I was down in the basement getting my clothes from the dryer when I noticed about half my shirts were 'inside out'. As I was turning them 'right side out' I realized that's what I've always called turning inside out shirts the right way--turning them 'right side out'.

Often as small children new to dressing themselves, Josh and Mimi would put on a tee-shirt 'inside out'. I'd see it and smile and say, "you need to turn your shirt 'right side out'."

But down there in our low ceiling-ed, mostly dirt floor basement with many rooms (I think I've told you before that our house was built in 1850 by a Congregationalist minister named, of all things, Bradley--there are many rooms and I've pondered whether or not he was part of the underground rail-road, though it seems runaway slaves would have stopped before Connecticut) anyway, taking clothes out of the dryer is mindless work and I suddenly realized that what you should probably say to a child or adult (I do it from time to time!) who puts a shirt on inside-out is this: "turn your shirt outside out."
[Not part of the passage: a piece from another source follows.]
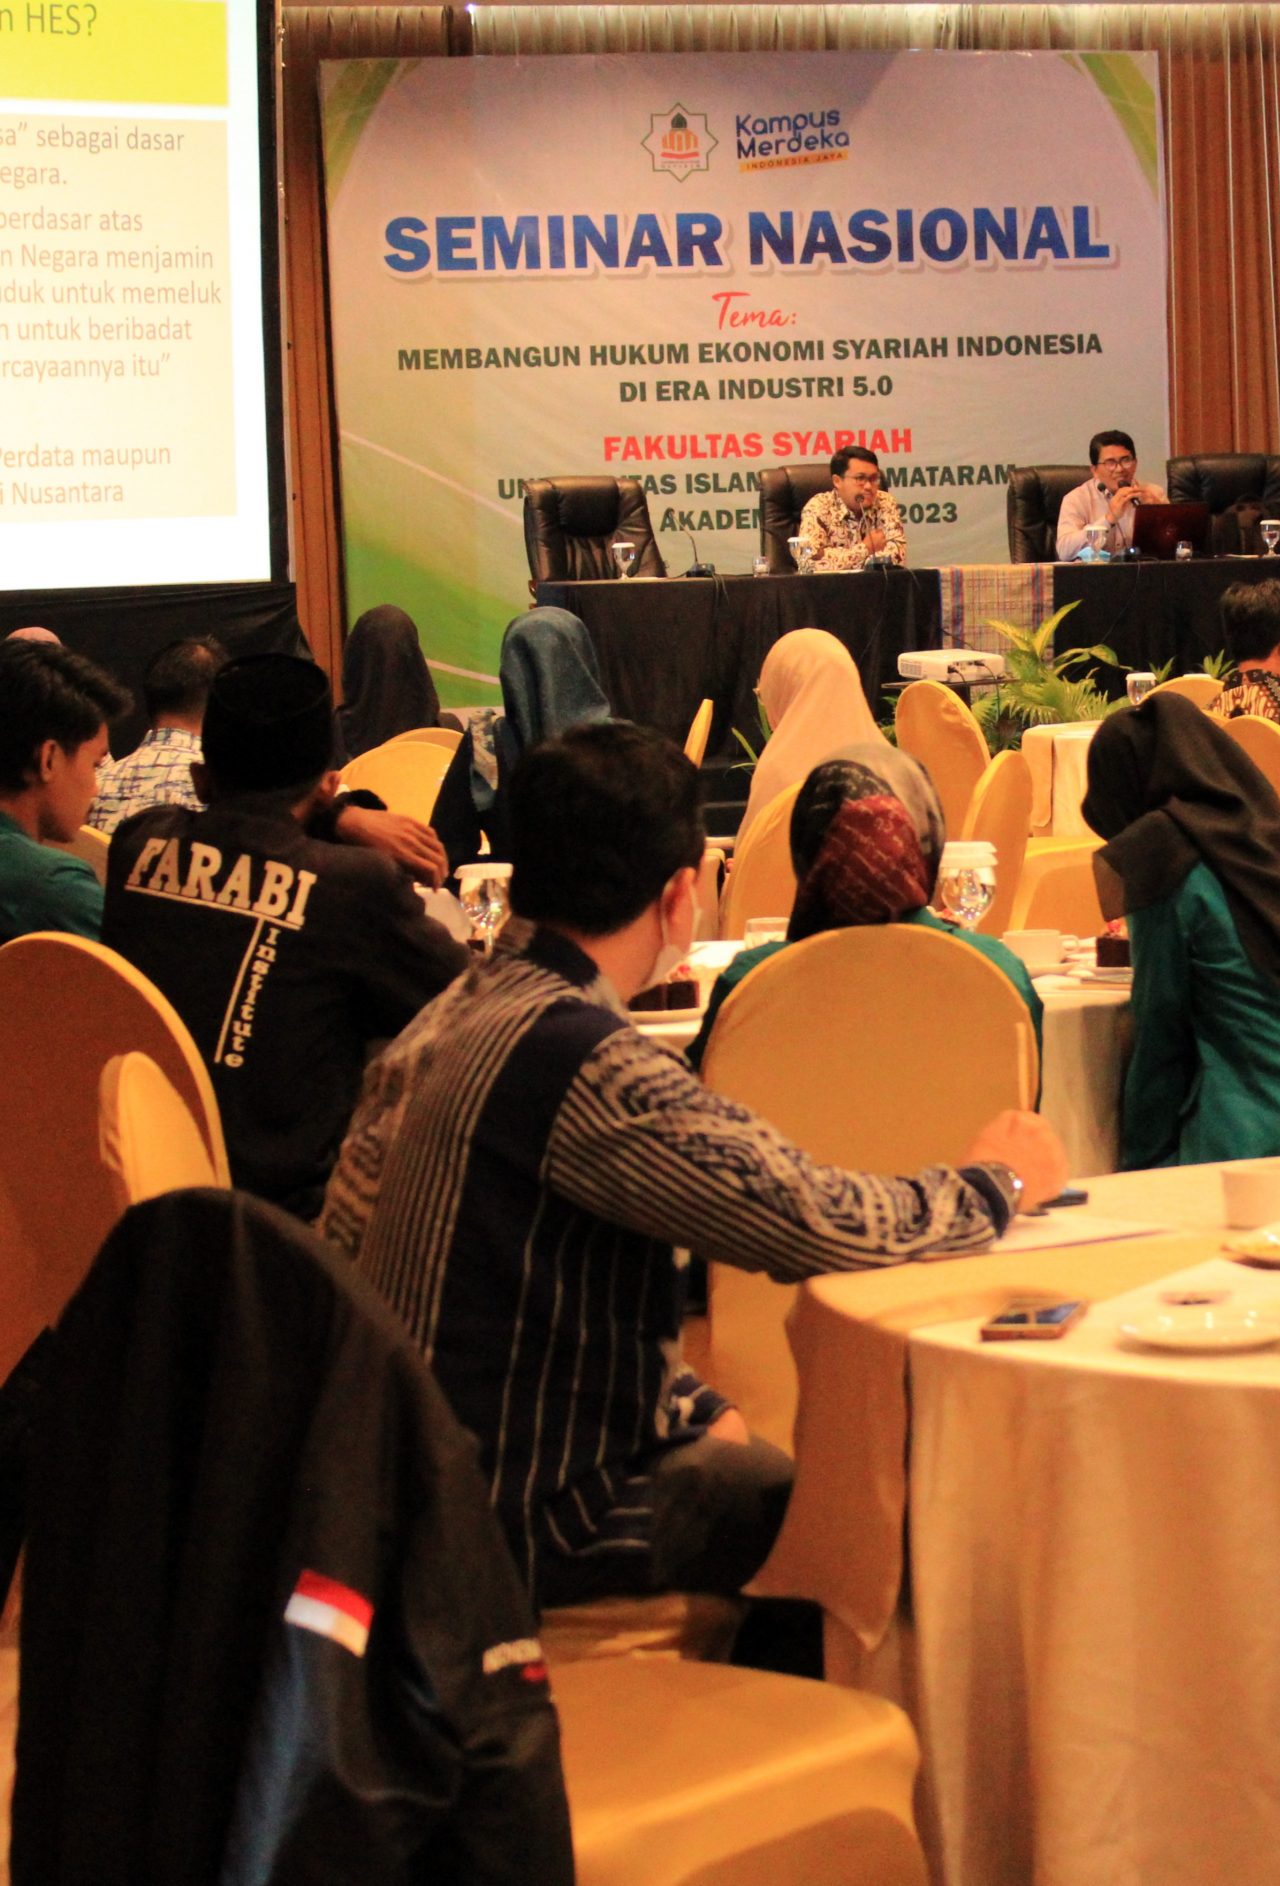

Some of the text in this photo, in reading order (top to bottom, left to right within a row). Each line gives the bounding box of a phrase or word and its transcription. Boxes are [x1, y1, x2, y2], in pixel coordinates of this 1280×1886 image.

Since the wrong way is 'inside out' the right way should be 'outside out', not 'right side out'.

Dumb as I now realize that is, in the moment I thought it was a brilliant insight so, when I carried my clothes upstairs I went to tell Bern, watching tennis on TV, about my 'brilliant insight'.

After I told her my pondering about what to say to someone with a tee-shirt inside out that I'd been talking to myself about in the basement, she looked at me the way she would have looked at me had I said: "I found a wombat in the basement."

Like that.

After a long silence when she must have realized what the silence was saying to me, she said, "that's interesting." Being told some profound insight you've had is 'interesting' is on the same level of reaction that you would have if someone said they found a wombat in the basement.

After another long silence and a gaze from her that seemed to indicate she was going over the nursing homes she knew in her head, she said: "I don't think there is a term for what's 'the right side' of a shirt. There's only a term for what isn't the 'right side'...'inside out'...."

Incredibly chastened, I went to go fold my underwear (or 'roll' it, since that's what I do to boxer shorts...though you probably would have been fine not knowing that fact...) and considered what she'd said. I pondered her words for a while and decided she was quite wrong. There's 'in-sync' to balance 'out of sync' and 'plumb' to balance 'not plumb' and 'in tune' to balance 'out of tune'....I thought of a couple of dozen and was about to go tell her how horribly wrong she was to think there was no value in the distinction between 'inside out' and 'outside out' when I decided I truly didn't have a dog in that fight and let it go. What would be the point, anyway....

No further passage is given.